My experience running a multi-year SF campaign (base TL10) is that ST is very useful. Yes, at that TL it doesn't mean much in terms of damage directly from ST. However, it lets you carry stuff, and stuff is what makes the damage component of ST generally unimportant - armour, guns, sensors, etc.
Then there are the times when a conflict goes physical in a situation where people aren't in serious armour and aren't carrying guns (like in a bar, or a meeting room). Being the strongest person in the room has quite a lot of value then. Also, ST includes hit points, and even in an SF game they are useful. I think if you're (generic 'you') finding that ST isn't seen as worthwhile, and this bothers you (if it doesn't, well there's no problem, of course), you need to look at arranging for more wilderness trips on foot, and other such events. |
Re: Spear vs Knights... am I missing something?
One thing I think we're overlooking here is that if this rich dude has enough wealth to buy armor (and prep to armor up ahead of time) he probably also has the wealth/prep to get on horseback for superior mobility than the spear guy.

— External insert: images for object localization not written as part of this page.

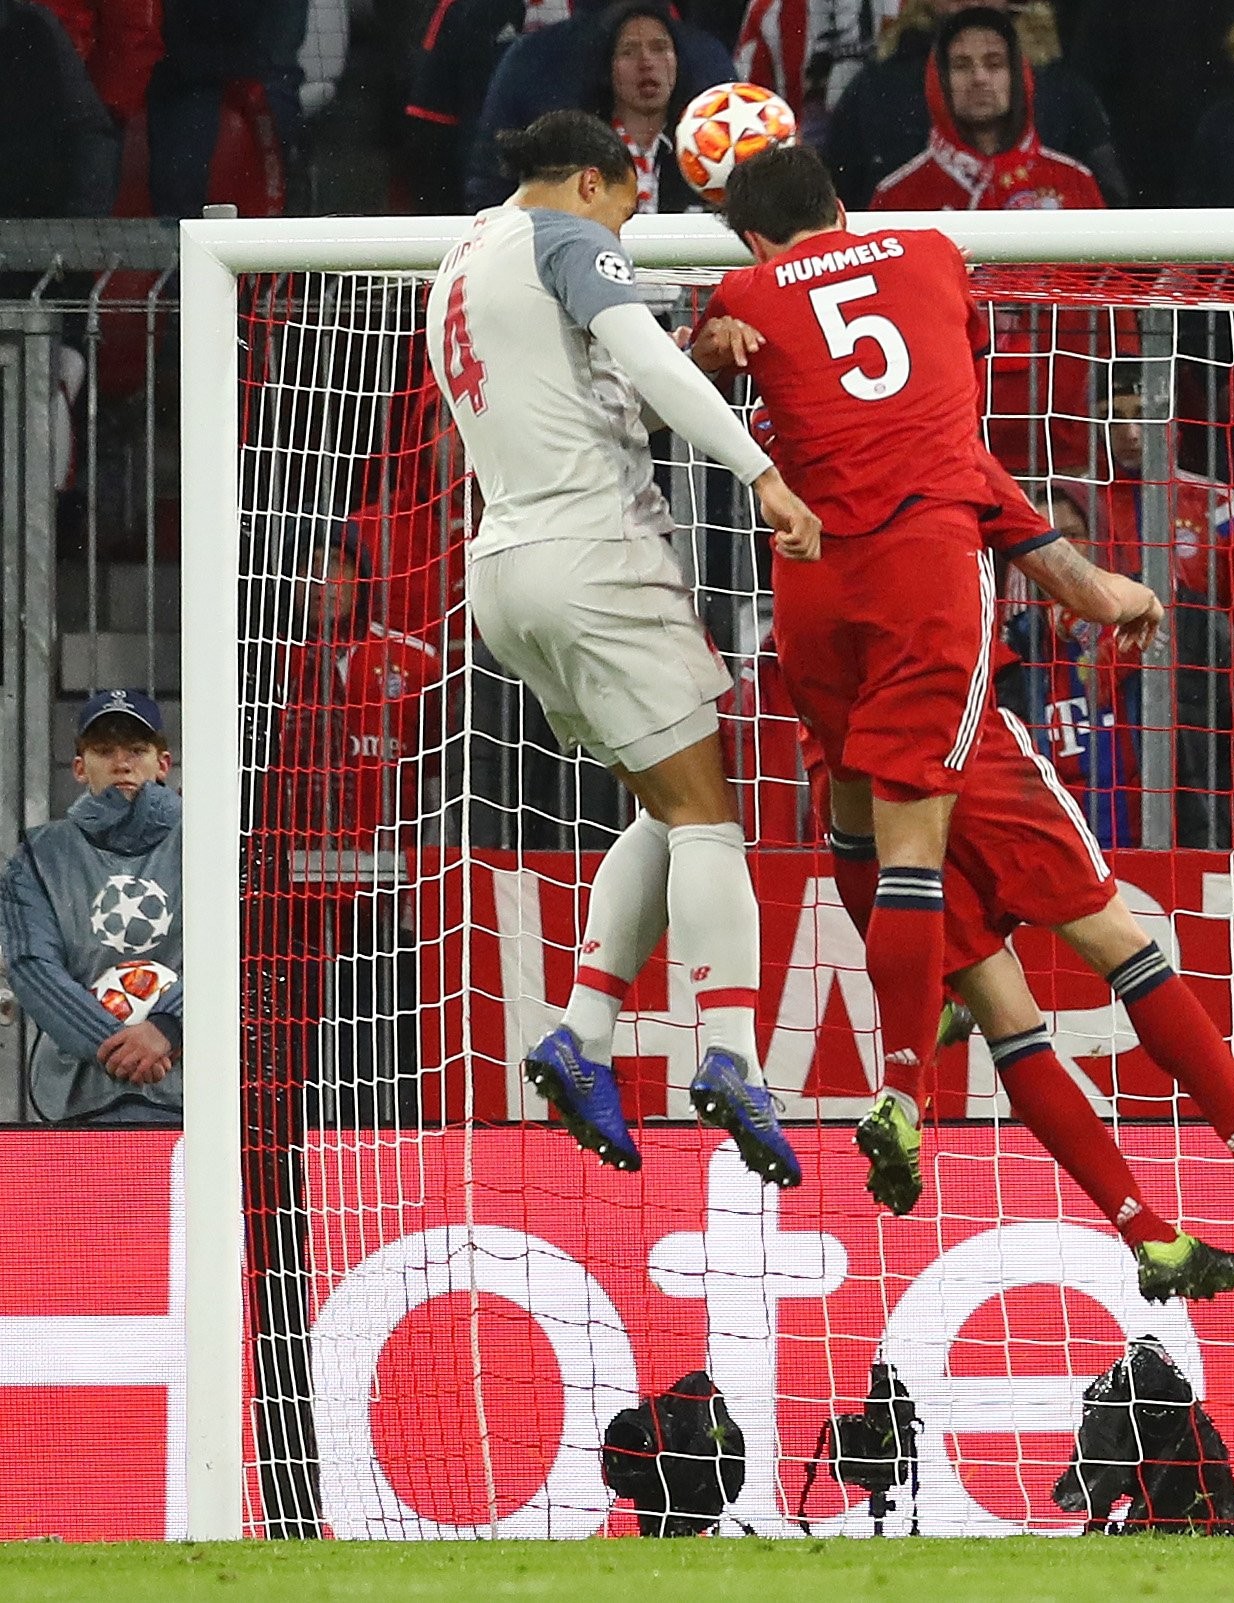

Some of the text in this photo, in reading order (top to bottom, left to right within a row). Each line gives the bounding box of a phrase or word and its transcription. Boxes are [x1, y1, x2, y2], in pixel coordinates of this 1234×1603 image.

[775, 237, 905, 288] HUMMELS
[443, 274, 488, 417] 4
[808, 274, 912, 402] 5
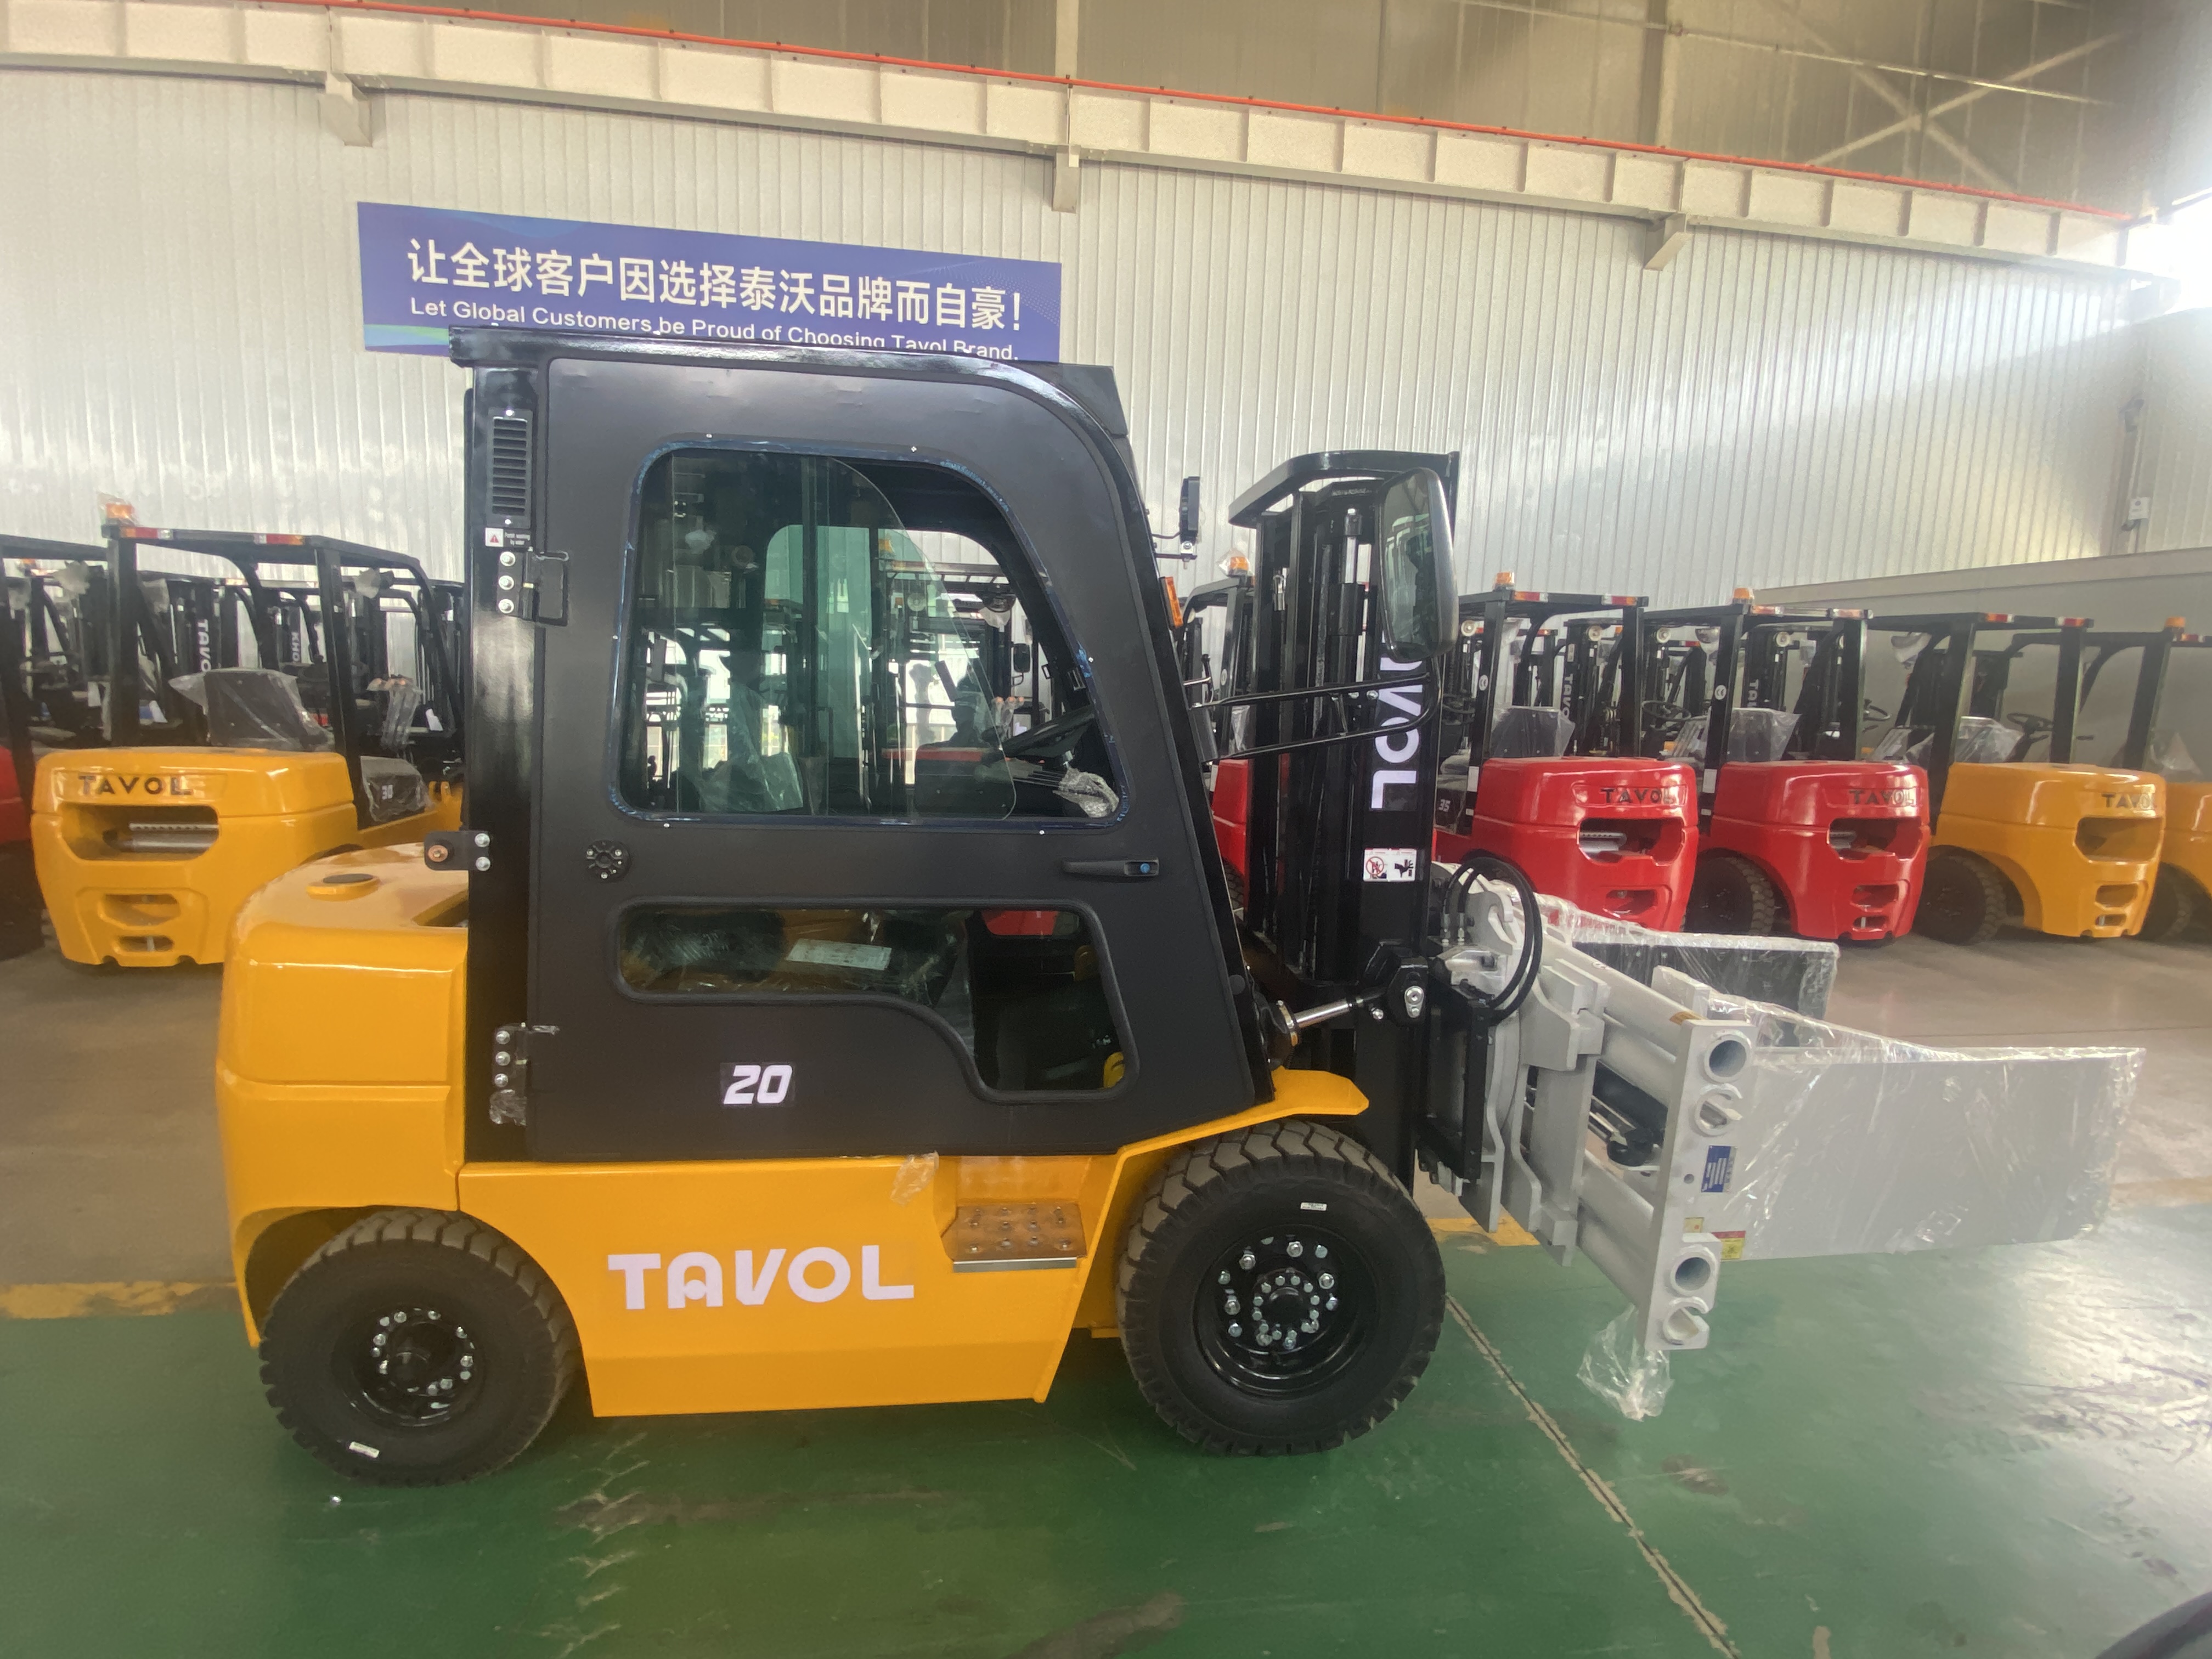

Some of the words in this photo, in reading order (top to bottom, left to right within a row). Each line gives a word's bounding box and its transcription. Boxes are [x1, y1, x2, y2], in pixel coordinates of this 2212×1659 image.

[407, 238, 1020, 331] 让全球客户因选择泰沃品牌而自豪！
[411, 297, 447, 317] Let
[453, 301, 525, 323] Global
[532, 307, 652, 332] Customers
[659, 317, 685, 334] be
[692, 319, 755, 339] Proud
[761, 325, 782, 341] of
[891, 335, 946, 351] Tavol
[1371, 630, 1423, 809] VOL
[78, 774, 193, 795] TAVOL
[1600, 787, 1677, 804] TAVOL
[1849, 789, 1915, 805] TAVOL
[1438, 799, 1451, 812] 35
[2101, 793, 2158, 810] TAVO
[723, 1064, 793, 1104] 20
[607, 1244, 915, 1310] TAVOL
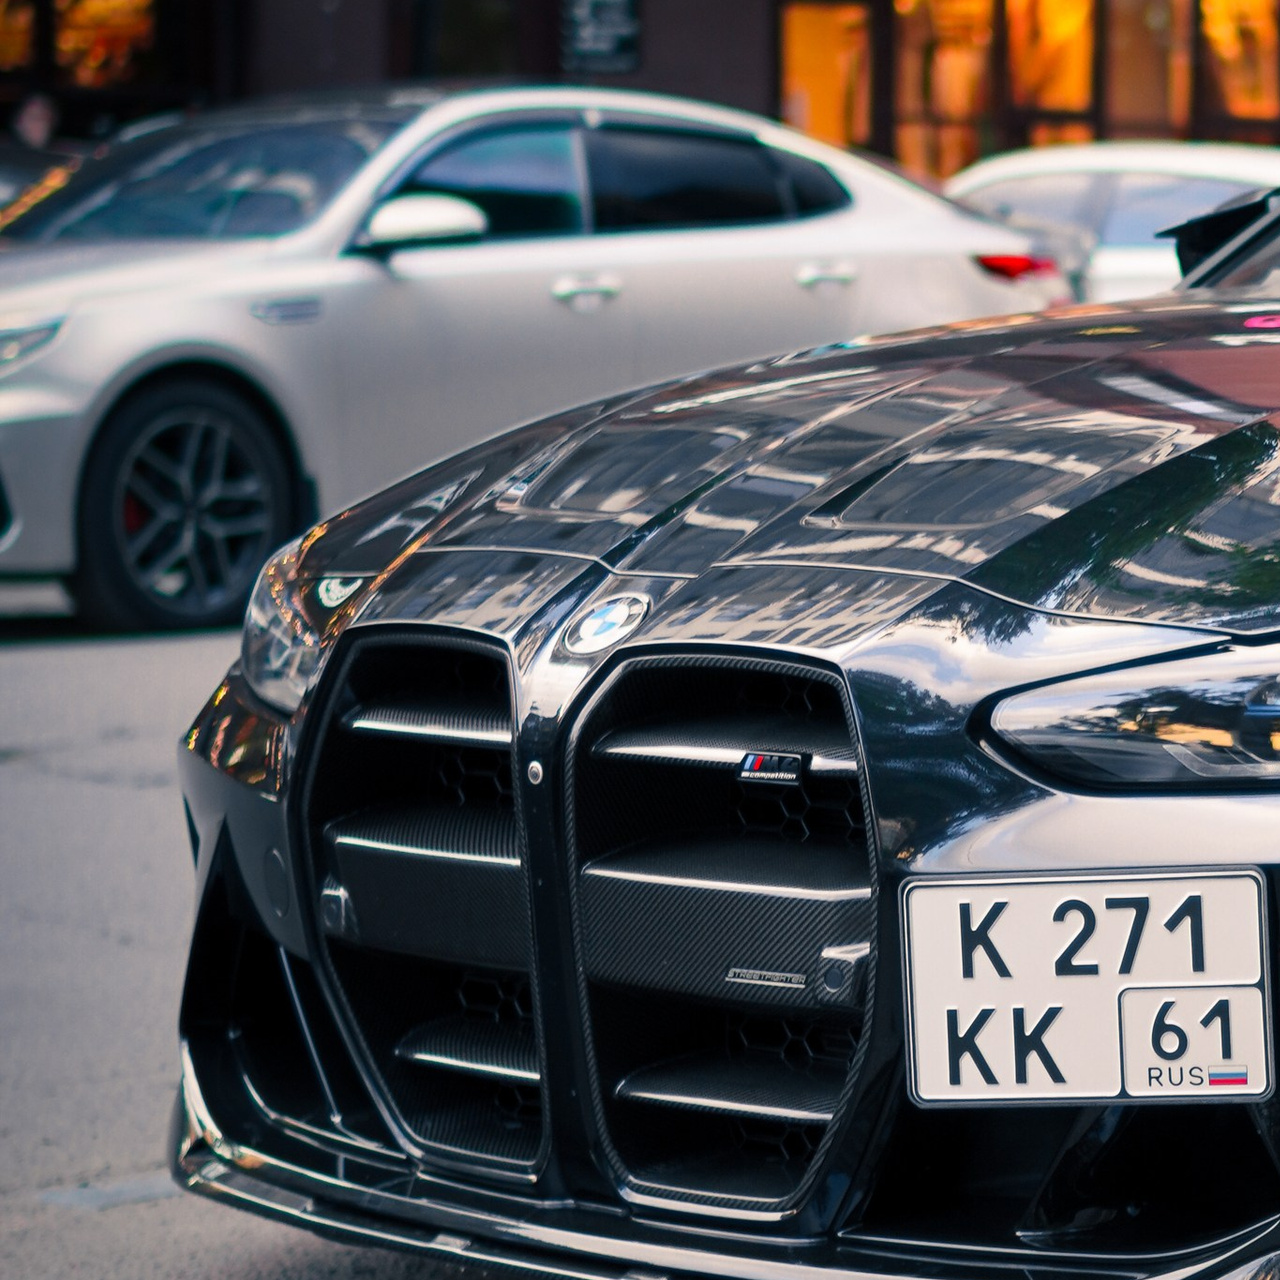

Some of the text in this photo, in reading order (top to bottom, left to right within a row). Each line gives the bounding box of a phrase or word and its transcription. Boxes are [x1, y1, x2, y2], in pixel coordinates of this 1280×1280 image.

[749, 771, 797, 780] competition
[958, 894, 1206, 979] K 271
[727, 969, 807, 984] STREETFIGHTER
[945, 1006, 1067, 1086] KK
[1151, 999, 1232, 1061] 61
[1147, 1066, 1204, 1087] RUS

This would be very different on horseback since you could have your horse charge the spear guy and using spears in close combat gets pretty tricky. A spear wielded 2H is reach 1,2* which means it takes a ready maneuver to change reach, so if you're stuck at reach 2 then you're -8 to skill to use it in Close Combat until you make that ready maneuver. Quote:
B394's visibility rules make it only -6 if you can still see your surroundings (buckler-over-face guy still can see up/down/left/right just not front) and a mere -4 to hit if you still have an idea of where the person is (ie you know they are in the hex ahead of you because otherwise you would be able to see them coming around the left/right of your buckler) You get -4 to defenses in this situation but if you're already doomed due to Deceptive Attack then you're probably just going to make All-Out Attacks anyway. AOA:double where 1st is a DWA (shield bash + sword) and 2nd is another sword hit could be pretty effective - if you're purely relying on your high spear skill to parry this stuff then that 3rd parry is going to be at -8 Using that spear to parry also sets up rich guy to use his ST 12 for a Bash as well which is going to penalize parries coming in the following turn. Your basic spear also weighs only 4 pounds (B273) so it risks breaking if you use it to parry an attack 3x that (12+) per B376, so ST12 guy making a slam would be adequate to do that. This would also apply if using the 15lb medium shield on B287 (2 in 6 chance of breaking) and using a Shield Bash w/ a 25lb heavy shield has a 5/6 chance of breaking the spear if it parries. |
Re: Spear vs Knights... am I missing something?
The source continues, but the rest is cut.